A ele e sua família,
Que eu considero sagrada,
Ofereço este meu livro,
Com a alma esperançada
De vê-lo, em 65,
No Palácio da Alvorada
!
(ass.: Aderaldo)

A dedicatória foi escrita em Fortaleza, no dia 24 de outubro de 1963, mas me recordo da tarde em que o Cego Aderaldo foi ao escritório de JK, na Rua Sá Ferreira, no Rio, e entregou-lhe o livro.

Naquela época, com 21 anos, tinha apenas uma vaga noção de quem era aquele homem que Rachel de Queiroz chamou de “O último dos grandes cantadores.” E é como Rachel escreveu, no prefácio do livro, que me lembro dele: Aderaldo é um velho de mais de oitenta anos, espigado, rijo, fala sonora de homem habituado a dominar auditórios. Tem o riso fácil – é um cego alegre.

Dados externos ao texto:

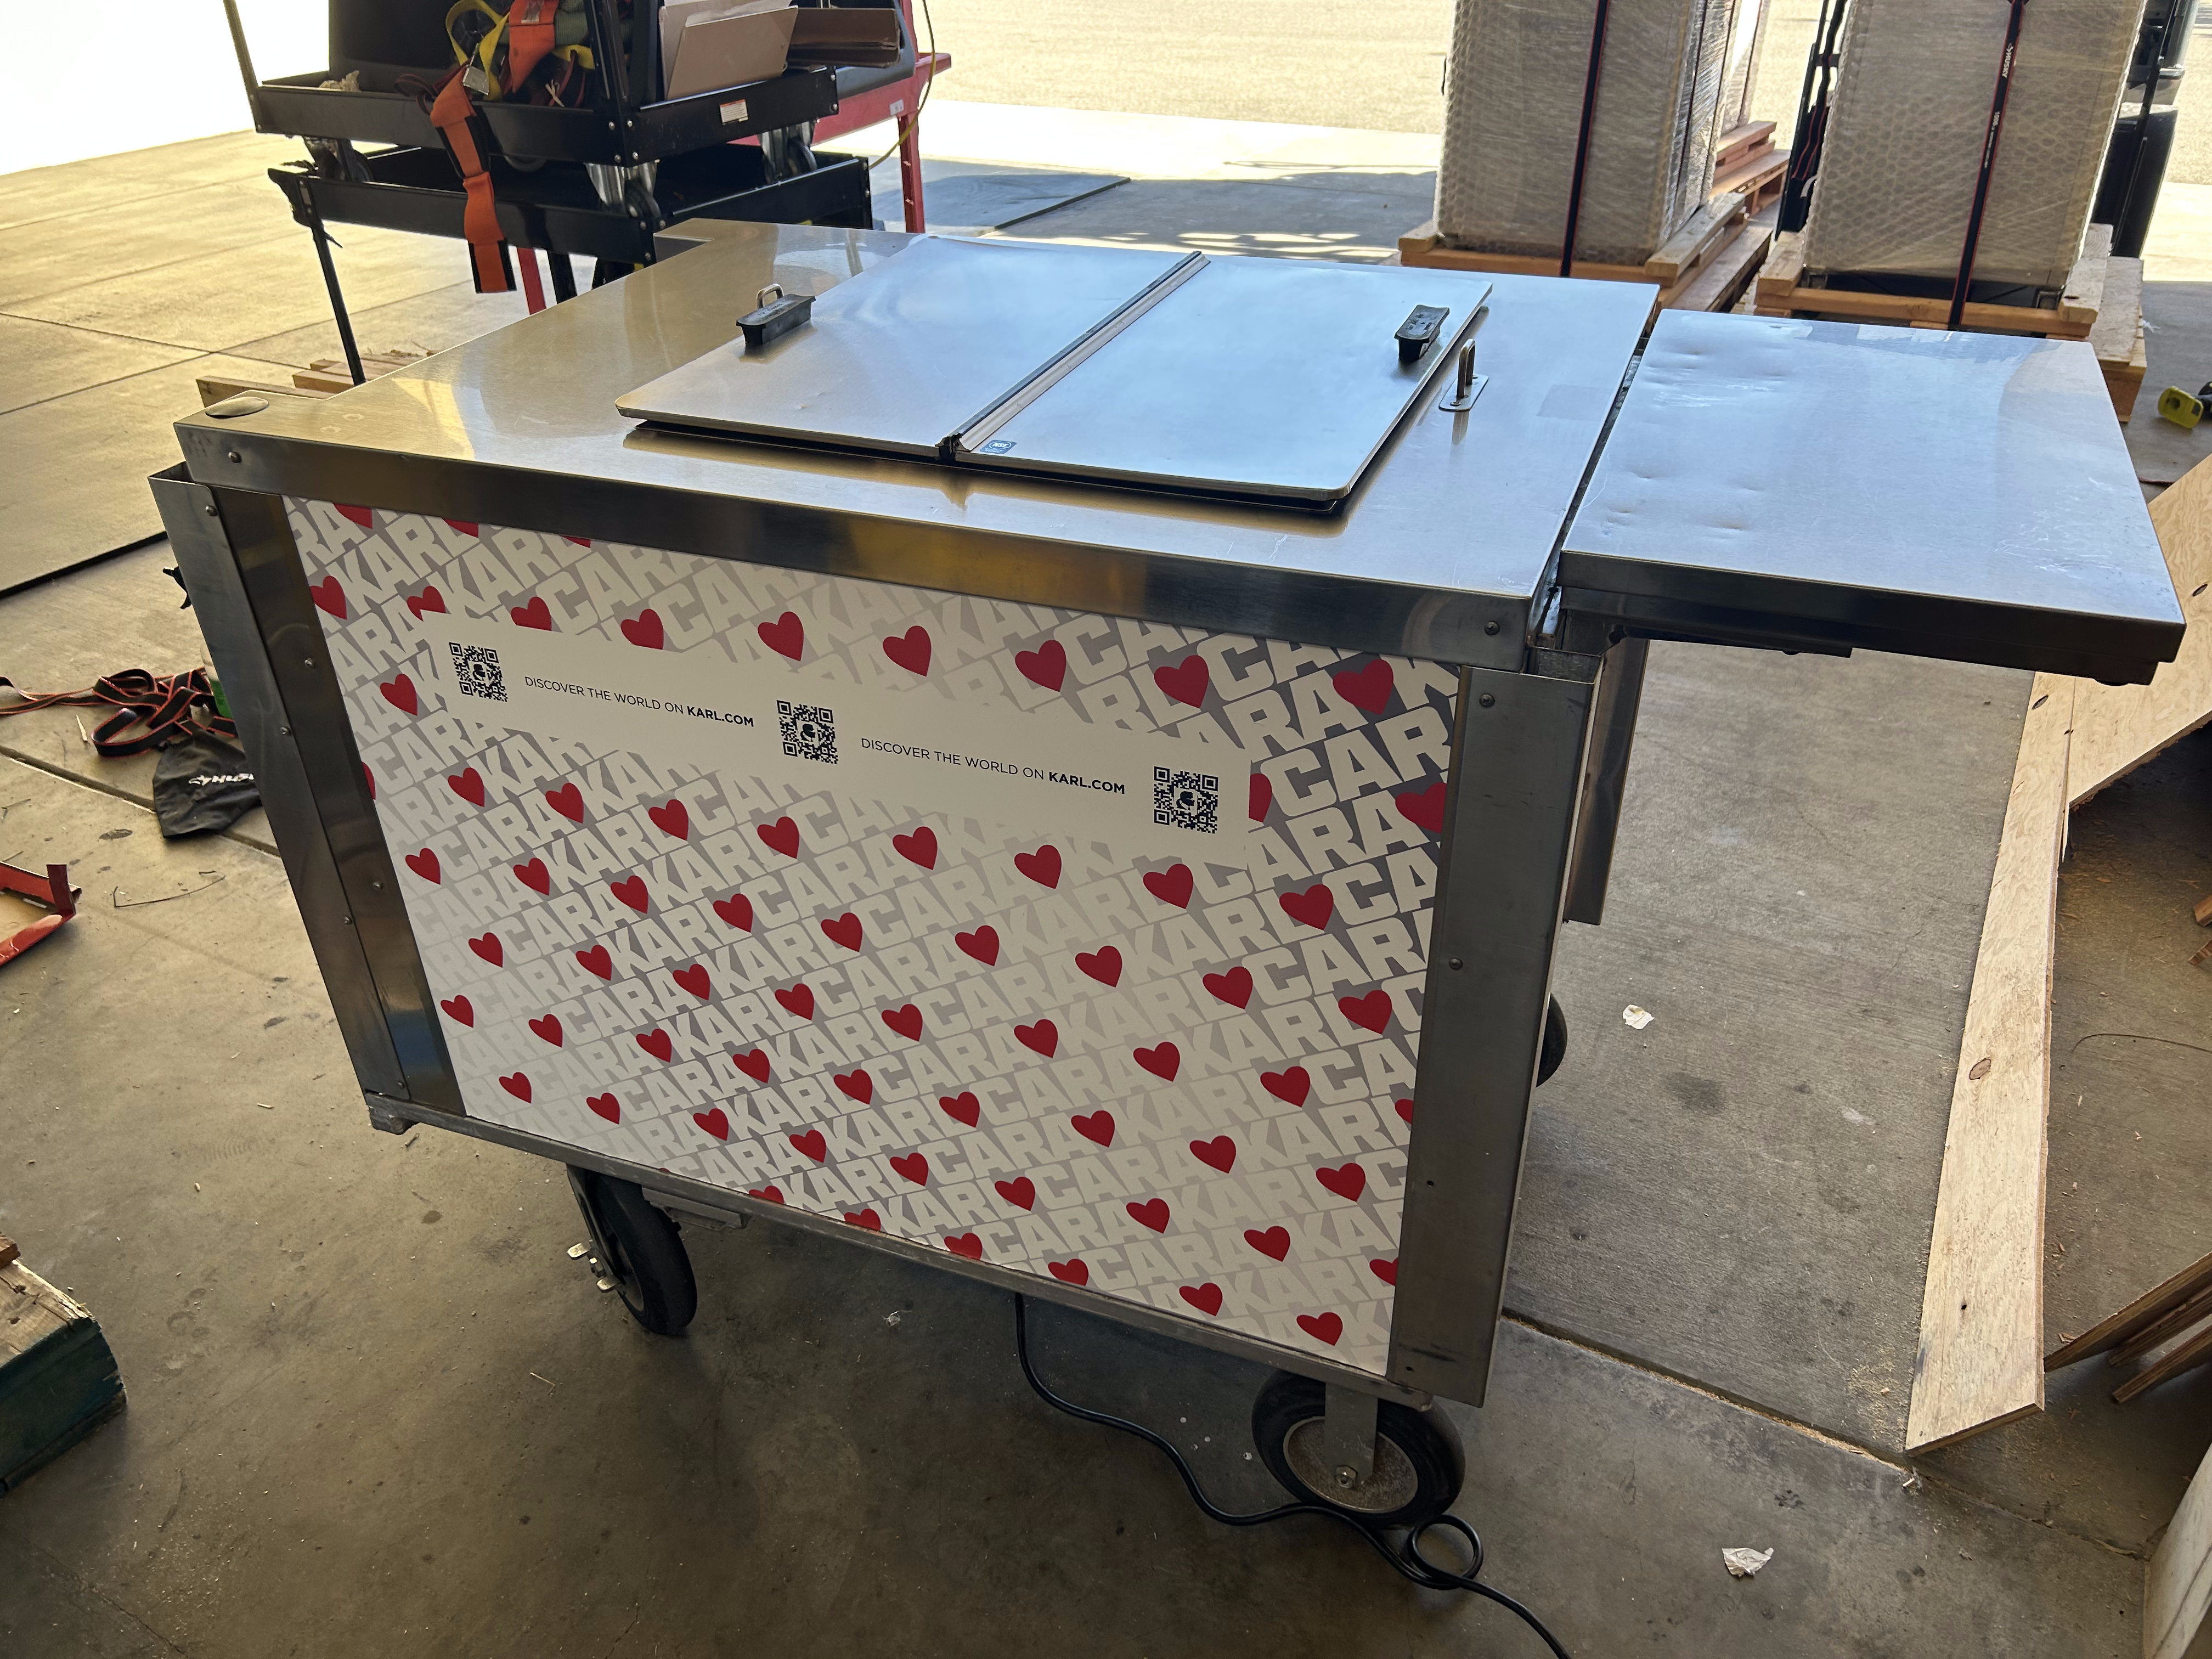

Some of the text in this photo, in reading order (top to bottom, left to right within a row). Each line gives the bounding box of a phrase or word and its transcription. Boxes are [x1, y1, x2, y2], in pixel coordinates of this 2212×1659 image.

[2002, 52, 2012, 78] HUSKY
[325, 595, 430, 692] ARA
[651, 559, 837, 651] CAR
[524, 675, 754, 727] DISCOVER THE WORLD ON KARL.COM
[211, 772, 255, 783] HUS
[374, 773, 478, 854] ARA
[466, 733, 617, 804] KAR
[861, 737, 1125, 794] DISCOVER THE WORLD ON KARL.COM
[404, 862, 542, 946] CARA
[531, 804, 689, 893] KARL
[426, 788, 576, 881] CARA
[550, 967, 701, 1044] CARA
[693, 915, 860, 997] KARL
[850, 849, 1046, 947] CARA
[1261, 707, 1451, 815] CAR
[460, 948, 604, 1025] CARA
[594, 897, 752, 978] KARL
[740, 831, 923, 928] CARA
[489, 879, 640, 964] CARA
[630, 821, 798, 910] KARL
[491, 1093, 620, 1142] ARL
[608, 1051, 760, 1121] CARA
[753, 1006, 920, 1081] KARL
[911, 950, 1106, 1038] CARA
[1106, 889, 1325, 985] KARL
[520, 1030, 663, 1101] CARA
[655, 986, 812, 1060] KARL
[802, 929, 985, 1017] CARA
[982, 868, 1187, 963] KARL
[714, 1071, 870, 1140] KARL
[861, 1023, 1043, 1102] CARA
[1042, 970, 1246, 1057] KARL
[1242, 908, 1434, 1006] CAR
[811, 1093, 977, 1162] KARL
[969, 1046, 1164, 1126] CARA
[1165, 994, 1383, 1081] KARL
[917, 1113, 1100, 1185] CARA
[1101, 1069, 1303, 1147] KARL
[867, 1178, 1032, 1238] KARL
[1025, 1138, 1219, 1209] CARA
[972, 1199, 1154, 1264] CARA
[1155, 1163, 1357, 1233] KARL
[1079, 1226, 1272, 1290] CARA
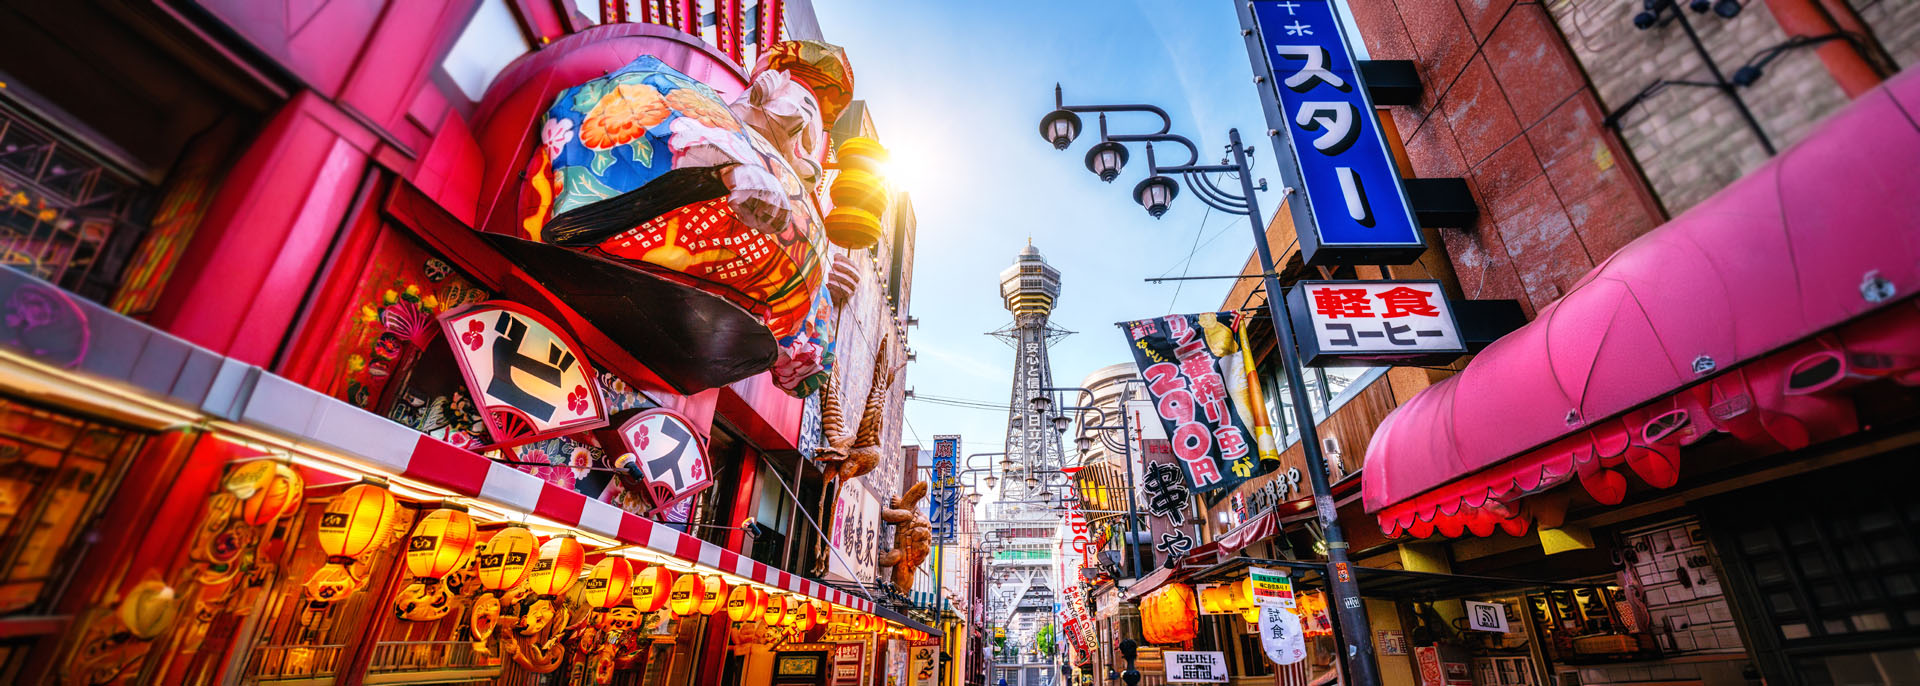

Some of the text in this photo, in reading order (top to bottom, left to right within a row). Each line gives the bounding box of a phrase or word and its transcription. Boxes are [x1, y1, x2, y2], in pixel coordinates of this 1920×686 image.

[1275, 45, 1371, 222] スター
[1312, 286, 1441, 320] 軽食
[1325, 321, 1443, 347] コーヒー
[486, 310, 576, 424] ビ
[647, 415, 692, 491] ス
[1143, 459, 1194, 557] 串や
[1267, 608, 1286, 640] 試食
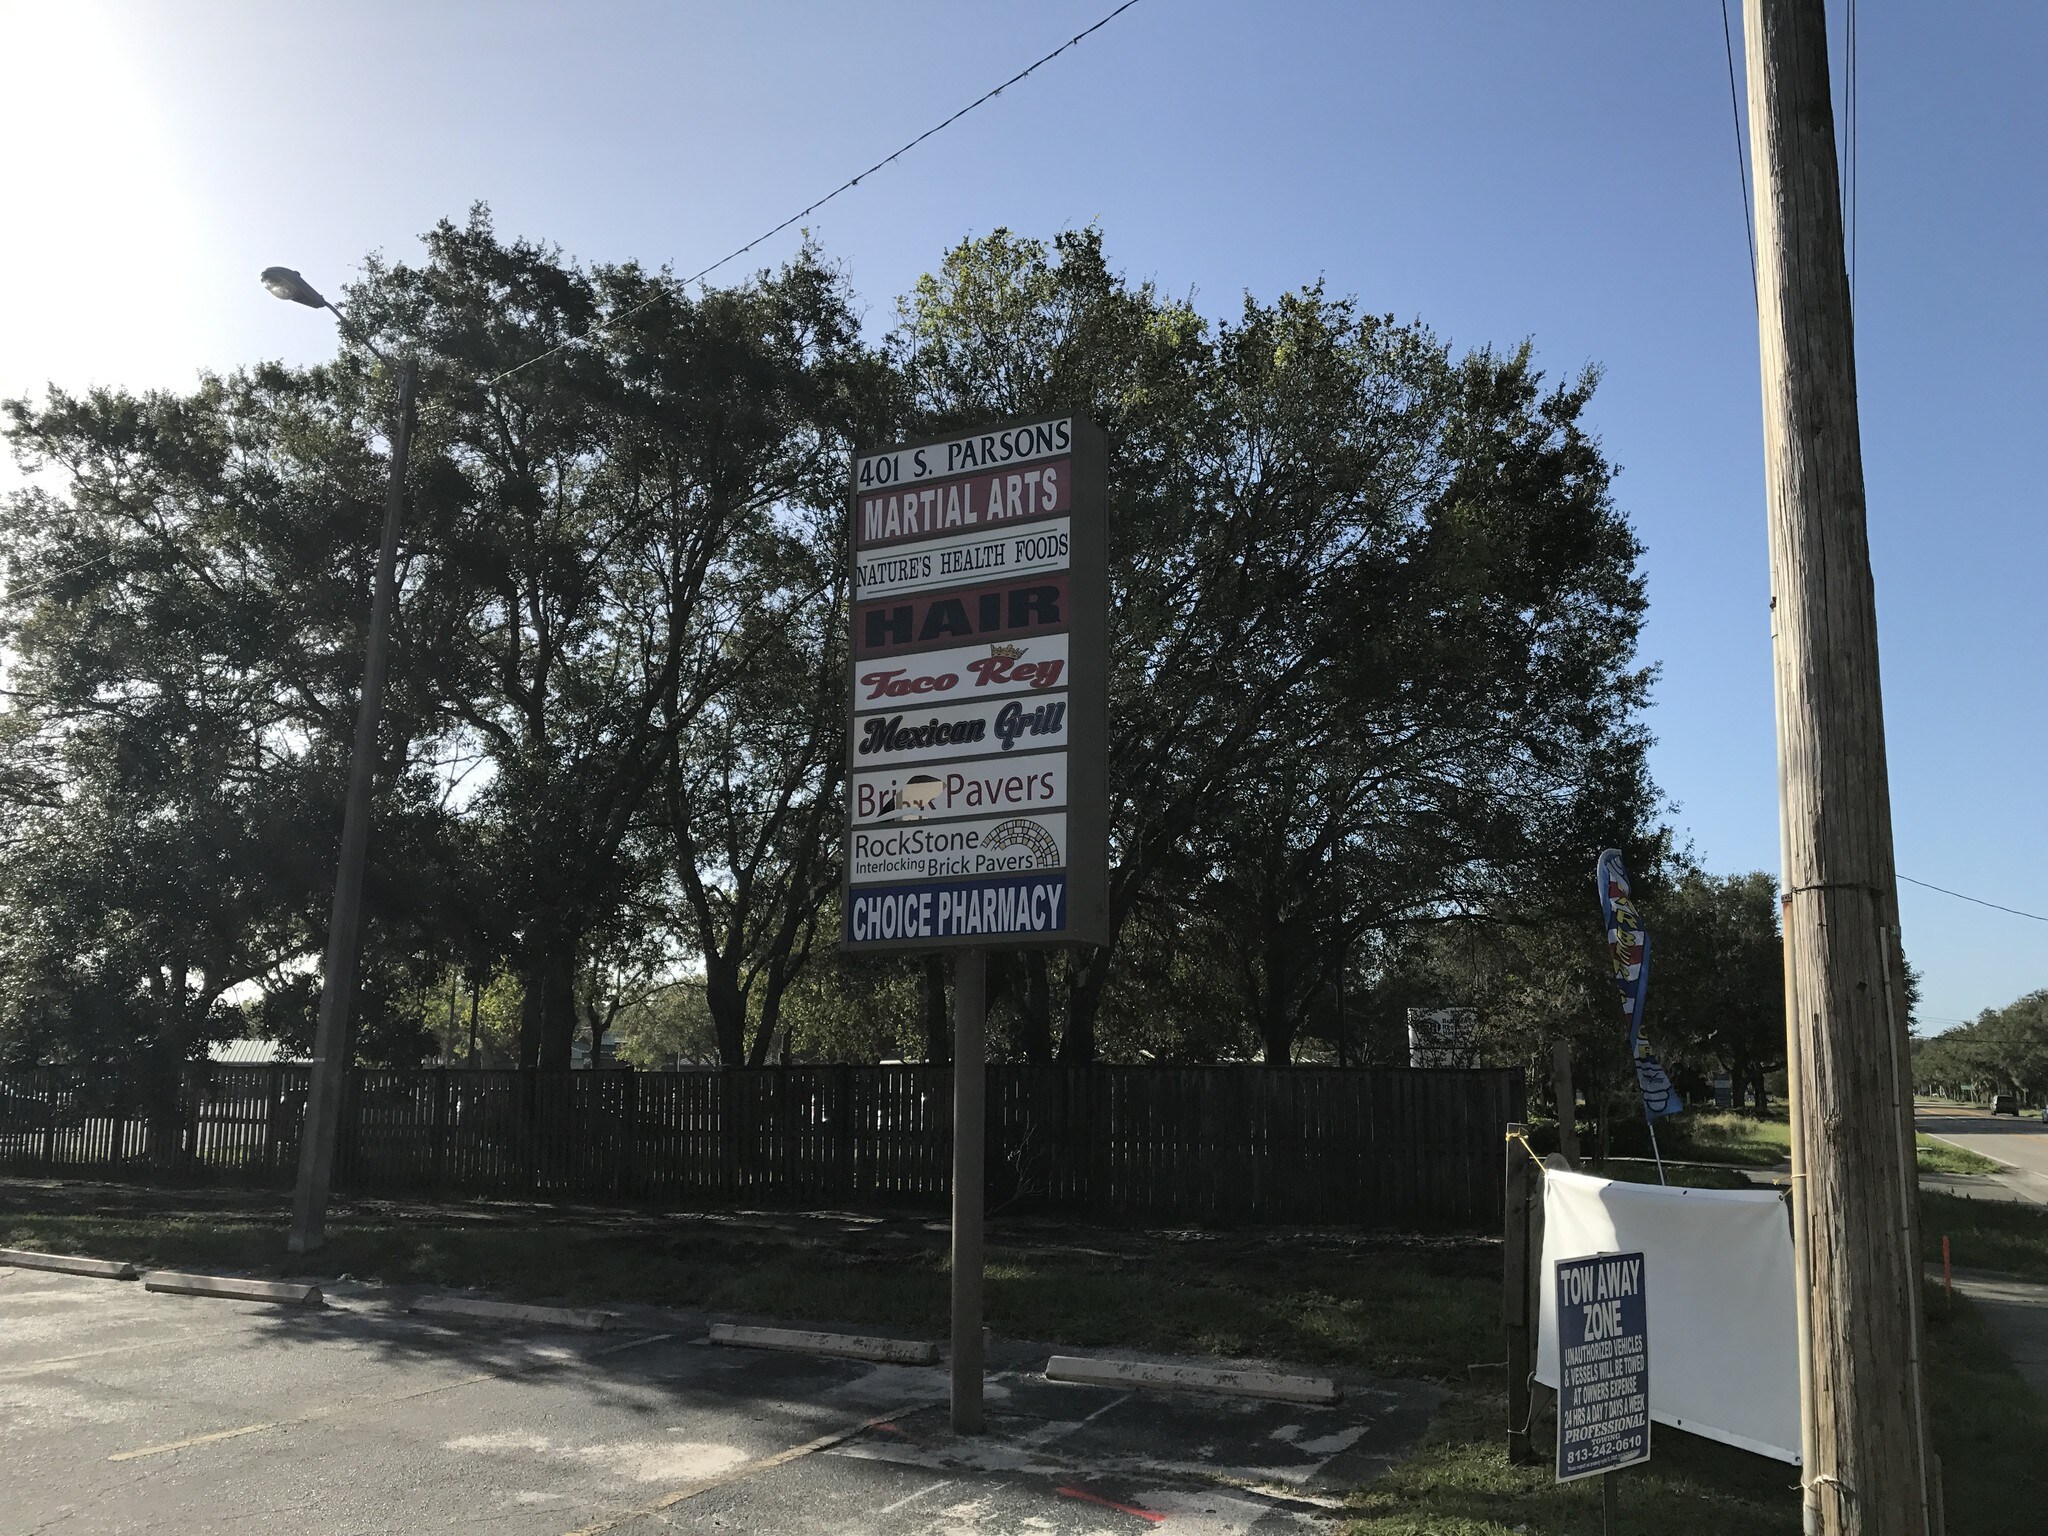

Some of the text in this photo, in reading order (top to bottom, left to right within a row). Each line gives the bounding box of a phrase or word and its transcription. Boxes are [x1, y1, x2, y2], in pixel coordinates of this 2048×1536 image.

[859, 420, 1070, 486] 401 S. PARSONS
[864, 467, 1057, 541] MARTIAL ARTS
[856, 533, 1069, 587] NATURE'S HEALTH FOODS
[865, 585, 1061, 648] HAIR
[860, 656, 1065, 700] Taco Rey
[858, 700, 1066, 755] Mexican Grill
[946, 771, 1054, 809] Pavers
[855, 830, 979, 858] RockStone
[856, 854, 1033, 876] Interlocking Brick Pavers
[852, 883, 1062, 941] CHOICE PHARMACY
[1560, 1259, 1640, 1307] TOW AWAY
[1583, 1300, 1623, 1342] ZONE
[1564, 1334, 1643, 1366] UNAUTHORIZED VEHICLES
[1564, 1354, 1645, 1388] & VESSELS WILL BE TOWED
[1573, 1375, 1637, 1406] AT OWNERS EXPENSE
[1564, 1393, 1645, 1429] 24 HRS A DAY 7 DAYS A WEEK
[1564, 1413, 1645, 1445] PROFESSIONAL
[1567, 1435, 1641, 1464] 813-242-0610
[1591, 1433, 1621, 1446] TOWING

Seu repertório, porque os cantadores não apenas improvisam, mas também cantam versos de lavra alheia, especialmente os da musa popular, - seu repertório, com poucas exceções, é bem humorado, quase humorístico...”

Naquele dia ele fora agradecer, mais uma vez, uma homenagem que JK lhe havia prestado concedendo-lhe, numa época em que a profissão de artista não era reconhecida, uma pensão de cinco mil cruzeiros mensais.  Digo “mais uma vez” porque ele já o havia feito em versos, logo após a publicação do benefício no Diário Oficial de 12 de abril de 1960:

Agradeço a JK,
Presidente da Nação,
Que antes de ir pra Brasília
Assinou minha pensão,
Afirmo que ele tirou
Um cego da precisão... 

Ele, a 21 de abril,
Cumpriu o seu ideal:
Inaugurando Brasília,
Cidade sem ter rival,
E que será, para sempre,
A Capital Federal. 

Só tu, bonita Brasília,
Vieste para empolgar
Este bonito planalto,
O sonho de JK,
Foi Juscelino quem fez
Todo o Brasil acordar! 

O Brasil, há muitos anos,
Vivia em pesado sono,
Mas, agora despertou,
Tendo JK por dono,
O poder desta Nação
Continua em novo trono. 

Já estamos antevendo
Do Brasil o bom destino;
Novos governos virão
Cheios de fé e bom tino:
Outro talvez continue
A Obra de Juscelino... 

Envio  à sua Família
(Que para mim é sagrada)
As mil felicitações
De minha’alma consolada,
Para que Deus ilumine
O Palácio da Alvorada!...”

Aderaldo era um homem simples que, como era e é comum entre os cantadores,  às vezes trocava o sentido das palavras  -  como o contrito da dedicatória, por exemplo – mas transmitia o que queria dizer com luminosidade. 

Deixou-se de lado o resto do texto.